So let's start with the first condition, (3.2.1):

(3.2) Standard conversion sequence S1 is a better conversion sequence than standard conversion sequence S2 if:

  • (3.2.1) S1 is a proper subsequence of S2 (comparing the conversion sequences in the canonical form defined by [over.ics.scs], excluding any Lvalue Transformation; the identity conversion sequence is considered to be a subsequence of any non-identity conversion sequence) or, if not that, [...]

Note: Due to questions about this clause in the comments i'll explain this rule in detail.

tl;dr: Neither conversion sequence is a subsequence of the other.

To fully understand this rule we need to first define a few terms:

  • sequence (as in standard conversion sequence) refers to a mathematical sequence; in essence a sequence in maths is a set with the additional constraints that the order of elements matters and repetition of elements is allowed.
  • proper subsequence (or strict subsequence)

    Given Sequences A and B, if A is a subsequence of B, and A is not equal to B, then A is a proper subsequence of B. (Sample Image)

    (see subset / proper subset - it's the same for sequences)
    A few examples to illustrate the principle:
    • (A, B) is a proper subsequence of (A, B, C, D) (we can remove elements)
    • (B, C) is a proper subsequence of (A, B, C, D) (removing is allowed at any position)
    • (A, B, C) is not a proper subsequence of (A, C, B, D) (order matters)
    • (A) is not a proper subsequence of (A) (if both sequences are equal, neither is a proper subsequence of the other)
    • () is a proper subsequence of (A, B, C) (the empty sequence is a proper subsequence of all non-empty sequences)
  • identity (as in identity conversion / identity conversion sequence) refers to the mathematical identity element (often shortened to just indentity)
    • The terms identity conversion & identity conversion sequence in this case refers to an empty sequence of conversions (()) - applying no conversions to a value always results in the original value: value ∘ () = value

So with this we can break down the (3.2.1) rule:


  • comparing the conversion sequences in the canonical form defined by [over.ics.scs], excluding any Lvalue Transformation

    • [over.ics.scs] describes the way we need to order the conversions (if we have more than one) - because remember ordering does matter for sequences.
    • If a conversion sequence contains a Lvalue Transformation we need to remove it before checking for proper subsequences.

  • the identity conversion sequence is considered to be a subsequence of any non-identity conversion sequence

    • This is a roundabout way of saying that an empty conversion sequence is considered a subsequence of any non-empty conversion sequence (one of the rules for proper subsequences).

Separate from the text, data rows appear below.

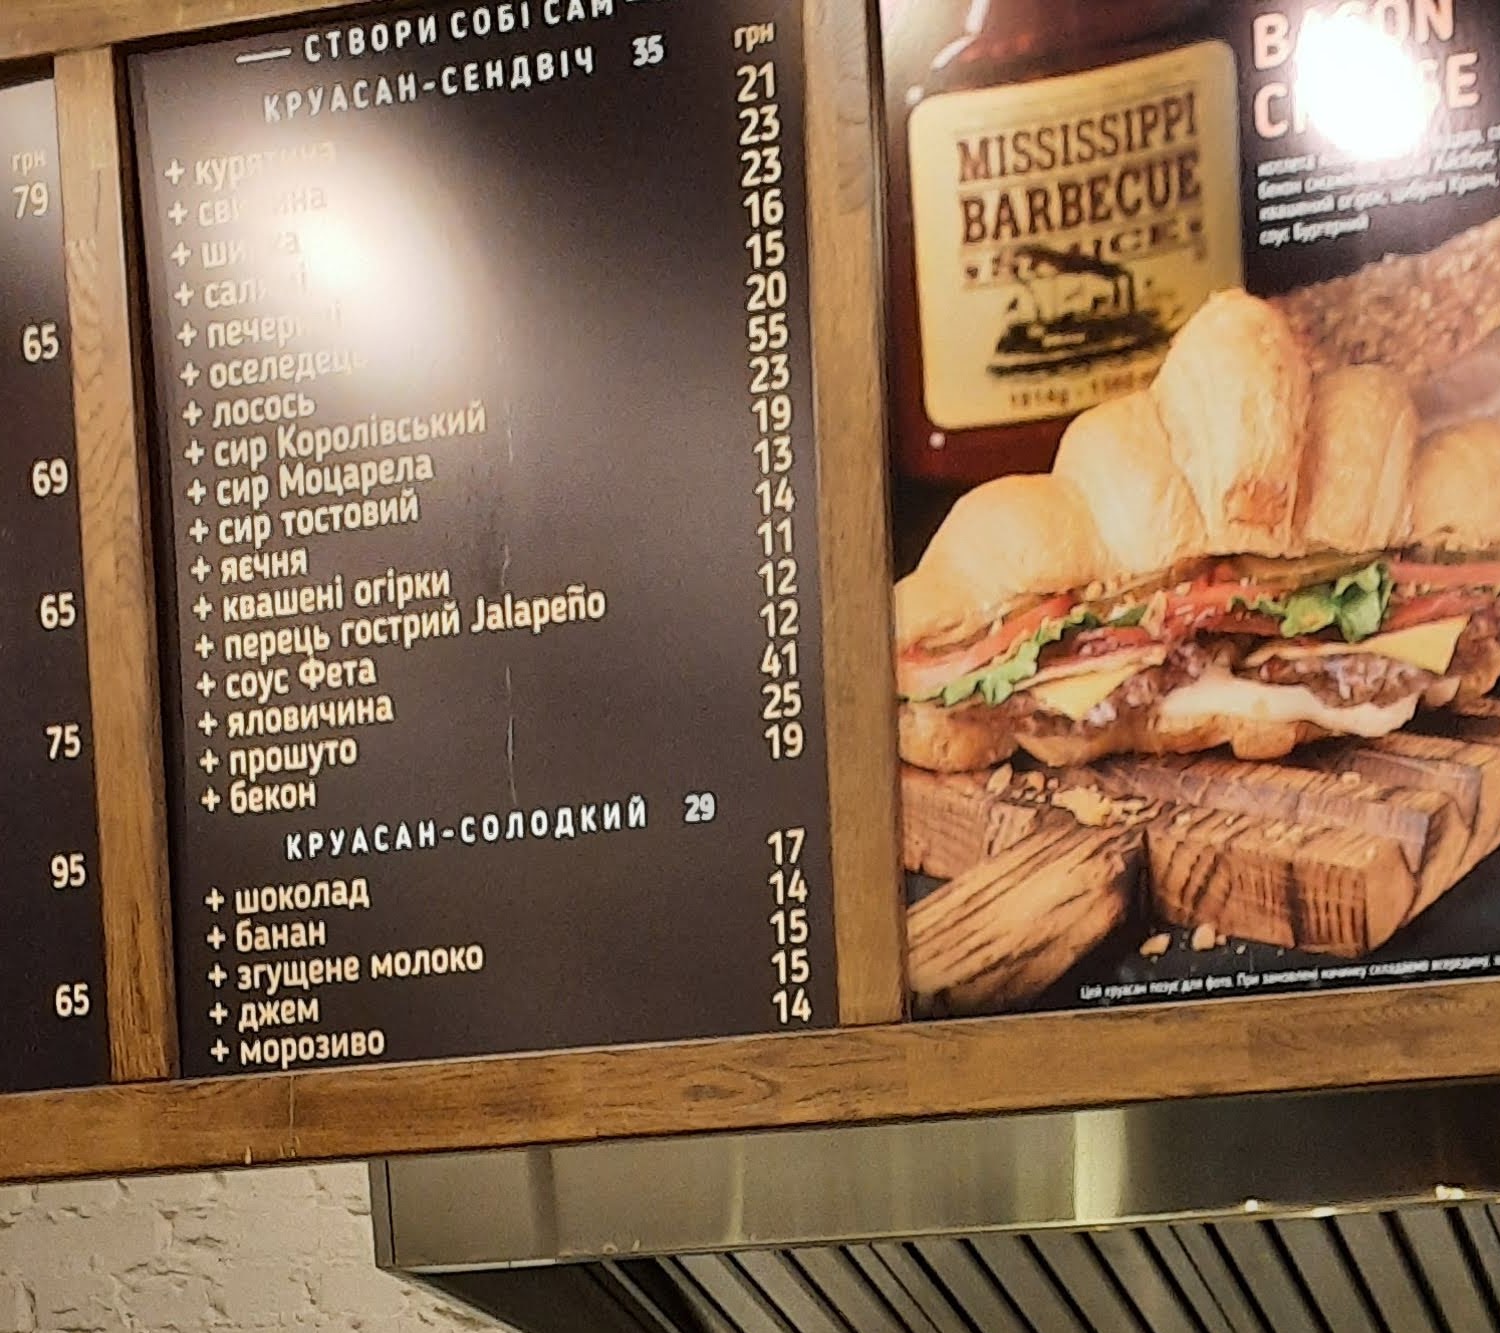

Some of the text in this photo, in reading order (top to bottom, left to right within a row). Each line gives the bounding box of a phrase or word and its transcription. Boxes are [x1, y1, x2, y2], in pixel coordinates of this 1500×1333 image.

[304, 11, 437, 64] СТВОРИ
[450, 0, 531, 41] СОБІ
[733, 22, 775, 52] грн
[263, 34, 665, 125] КРУАСАН-СЕНДВІЧ 35
[956, 92, 1198, 185] MISSISSIPPI
[960, 154, 1201, 247] BARBECUE
[22, 323, 60, 363] 65
[212, 393, 315, 429] лосось
[214, 400, 486, 472] сир Королівський
[32, 459, 69, 497] 69
[216, 453, 434, 510] сир Моцарела
[218, 488, 419, 549] сир тостовий
[221, 548, 307, 584] яєчня
[222, 568, 450, 623] квашені огірки
[224, 583, 607, 665] перець гострий Jalapeño
[225, 657, 377, 703] соус Фета
[227, 695, 395, 738] яловичина
[45, 724, 81, 759] 75
[229, 738, 358, 781] прошуто
[230, 780, 317, 815] бекон
[286, 792, 716, 860] КРУАСАН-СОЛОДКИЙ 29
[235, 877, 370, 915] шоколад
[236, 919, 326, 952] банан
[238, 944, 483, 994] згущене молоко
[239, 998, 319, 1032] джем
[239, 1029, 385, 1070] морозиво

  • Standard conversion sequence S1 is a better conversion sequence than standard conversion sequence S2 if:

    • S1 is a proper subsequence of S2
    • So we need to check if S1 is a proper subsequence of S2, and if it is then S1 is better than S2

So now let's apply this to our specific case:

  • We have sequence S1 for foo(int (&a)[2]): () (identity conversion sequence)
  • and sequence S2 for foo(int* a);: ("Array-to-pointer conversion")

Now we need to remove Lvalue-conversions.
In 12.4.3.1.1 Standard conversion sequences [over.ics.scs] (3) Array-to-pointer conversion is listed as an Lvalue-conversion, therefore we must remove it from S2.

So S2 = ()

Now we need to check if S1 is a proper subsequence of S2.

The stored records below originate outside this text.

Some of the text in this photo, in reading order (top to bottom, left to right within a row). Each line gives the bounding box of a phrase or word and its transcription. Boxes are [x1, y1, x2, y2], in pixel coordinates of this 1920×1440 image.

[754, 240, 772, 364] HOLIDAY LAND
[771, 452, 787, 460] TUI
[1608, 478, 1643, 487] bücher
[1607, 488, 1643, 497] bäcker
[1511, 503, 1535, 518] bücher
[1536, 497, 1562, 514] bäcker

It can't be a proper subsequence because S1 = S2, therefore this rule does not apply.

2.4 ranking the conversion sequences

Next we need to check the rank of the conversion sequences as per (3.2.2)

(3.2.2) the rank of S1 is better than the rank of S2, or S1 and S2 have the same rank and are distinguishable by the rules in the paragraph below, or, if not that,

There are three possible ranks for conversions: Exact Match, Promotion or Conversion, as per 12.4.3.1.1 Standard conversion sequences [over.ics.scs] (3):

(3) Each conversion [...] also has an associated rank (Exact Match, Promotion, or Conversion). These are used to rank standard conversion sequences. The rank of a conversion sequence is determined by considering the rank of each conversion in the sequence and the rank of any reference binding. If any of those has Conversion rank, the sequence has Conversion rank; otherwise, if any of those has Promotion rank, the sequence has Promotion rank; otherwise, the sequence has Exact Match rank.


















































































ConversionCategoryRank
No conversions requiredIdentityExact Match
Lvalue-to-rvalue conversionLvalue TransformationExact Match
Array-to-pointer conversionLvalue TransformationExact Match
Function-to-pointer conversionLvalue TransformationExact Match
Qualification conversionsQualification AdjustmentExact Match
Function pointer conversionQualification AdjustmentExact Match
Integral promotionsPromotionPromotion
Floating-point promotionPromotionPromotion
Integral conversionsConversionConversion
Floating-point conversionsConversionConversion
Floating-integral conversionsConversionConversion
Pointer conversionsConversionConversion
Pointer-to-member conversionsConversionConversion
Boolean conversionsConversionConversion

convert int array to pointer in C

Its perfectly valid in C. foo argument is a pointer that can point to any type. When you pass an array, it decays to a pointer pointing to the first element of the array (i.e.,address location of the first element is passed). So,

 ptr -> &buf[0] ;

Is converting between pointer-to-T, array-of-T and pointer-to-array-of-T ever undefined behaviour?

This is a C-only answer.

C11 (n1570) 6.3.2.3 p7

A pointer to an object type may be converted to a pointer to a different object type. If the resulting pointer is not correctly aligned*) for the referenced type, the behavior is undefined. Otherwise, when converted back again, the result shall compare equal to the original pointer.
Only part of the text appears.